Recipe for Confusion: Take A Trump Ad-lib, Spoon in a Measure of Tucker Carlson Demagoguery, and Mix Both into JFK Assassination Conspiracy Hysteria

Again, I must invoke Curmie’s versatile “Oh bloody hell!”

I have been studying Presidential assassination history and conspiracy theories since before I had to shave, and I have little patience with those who misrepresent, distort or exploit these events. Just two days ago, I was pointing out that the much-admired Stephen Sondheim musical “Assassins” was a blight on the culture despite my belief that entertainment should have a wide margin for creative license.

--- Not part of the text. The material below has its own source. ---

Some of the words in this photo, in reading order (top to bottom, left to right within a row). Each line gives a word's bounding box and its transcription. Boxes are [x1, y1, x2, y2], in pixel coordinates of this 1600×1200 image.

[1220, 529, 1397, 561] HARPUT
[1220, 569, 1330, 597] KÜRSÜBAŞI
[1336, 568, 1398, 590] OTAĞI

The musical—the songs aren’t bad—is based on the absurd premise that John Wilkes Booth’s motivation for his decision to assassinate Lincoln is a mystery, and that, like other POTUS assassins and attempted assassins, he was trying to make a difference in a society that had ignored and marginalized him. That’s just crap for most of the historical killers and wackos portrayed in the show, but especially Booth. “Was it bad reviews, Johnny?” a balladeer croons. Of course not, you idiot: no assassin ever made his motivations clearer than John Wilkes Booth.

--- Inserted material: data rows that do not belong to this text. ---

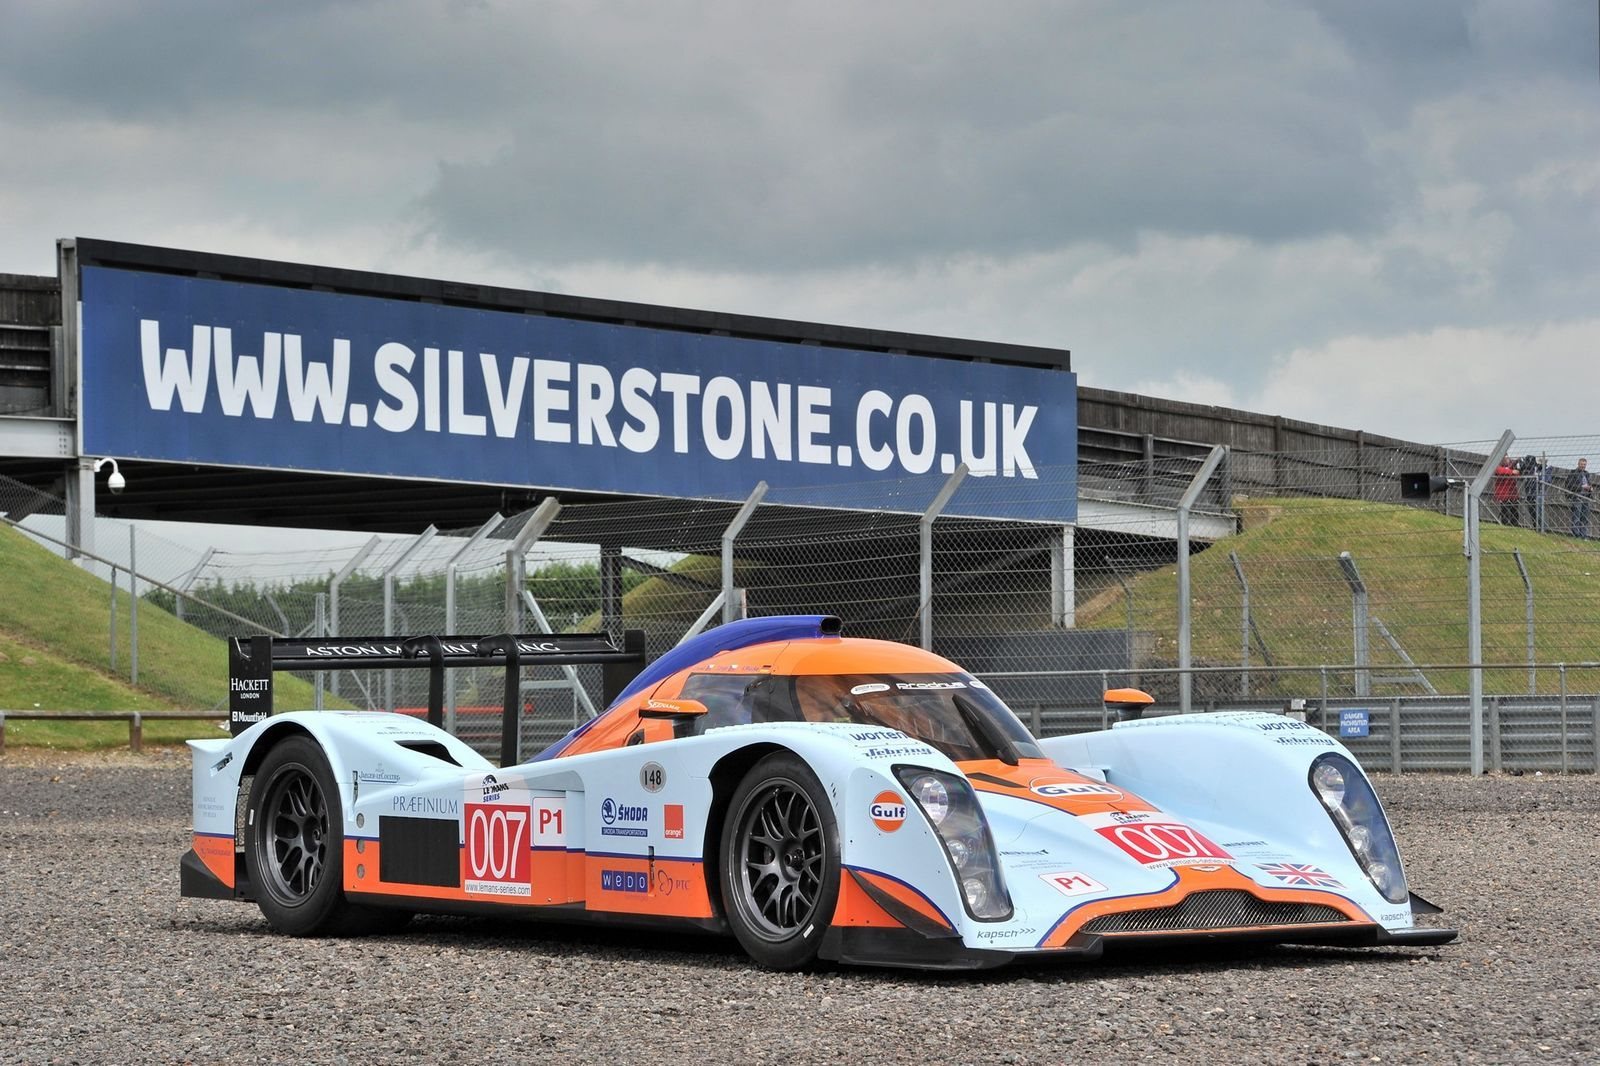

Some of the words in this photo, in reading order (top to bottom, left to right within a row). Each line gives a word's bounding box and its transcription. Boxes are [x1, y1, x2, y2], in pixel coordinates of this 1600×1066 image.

[139, 319, 1040, 480] WWW.SILVERSTONE.CO.UK
[305, 645, 381, 656] ASTON
[231, 677, 269, 691] HACKETT
[240, 692, 260, 700] LONDON
[1256, 720, 1311, 731] worten
[850, 729, 909, 742] worten
[863, 746, 934, 757] Sebring
[643, 769, 662, 786] 148
[482, 786, 490, 795] LE
[490, 782, 510, 793] MANS
[1036, 784, 1115, 795] Gulf
[482, 793, 501, 803] SERIES
[871, 804, 907, 819] Gulf
[539, 808, 563, 835] P1
[665, 829, 681, 838] orange
[470, 808, 528, 879] 007
[1114, 824, 1215, 860] 007
[465, 882, 531, 895] www.lemans-series.com
[1054, 875, 1093, 890] P1

He was a dedicated Confederate partisan; he blamed Lincoln (correctly) for not letting the South go its own way, he was crushed that the South was headed for defeat, and believed that if the Union government could be decapitated (the plot was to kill Lincoln, Vice-President Johnson, Secretary of State Seward and General Grant in a single night) the South might yet prevail—and his plan might have worked. No mystery! But our history is constantly misrepresented to the historically ignorant and illiterate, that is to say, most of the public, often for the selfish purposes of rumormongers and worse.

You know, like Tucker Carlson.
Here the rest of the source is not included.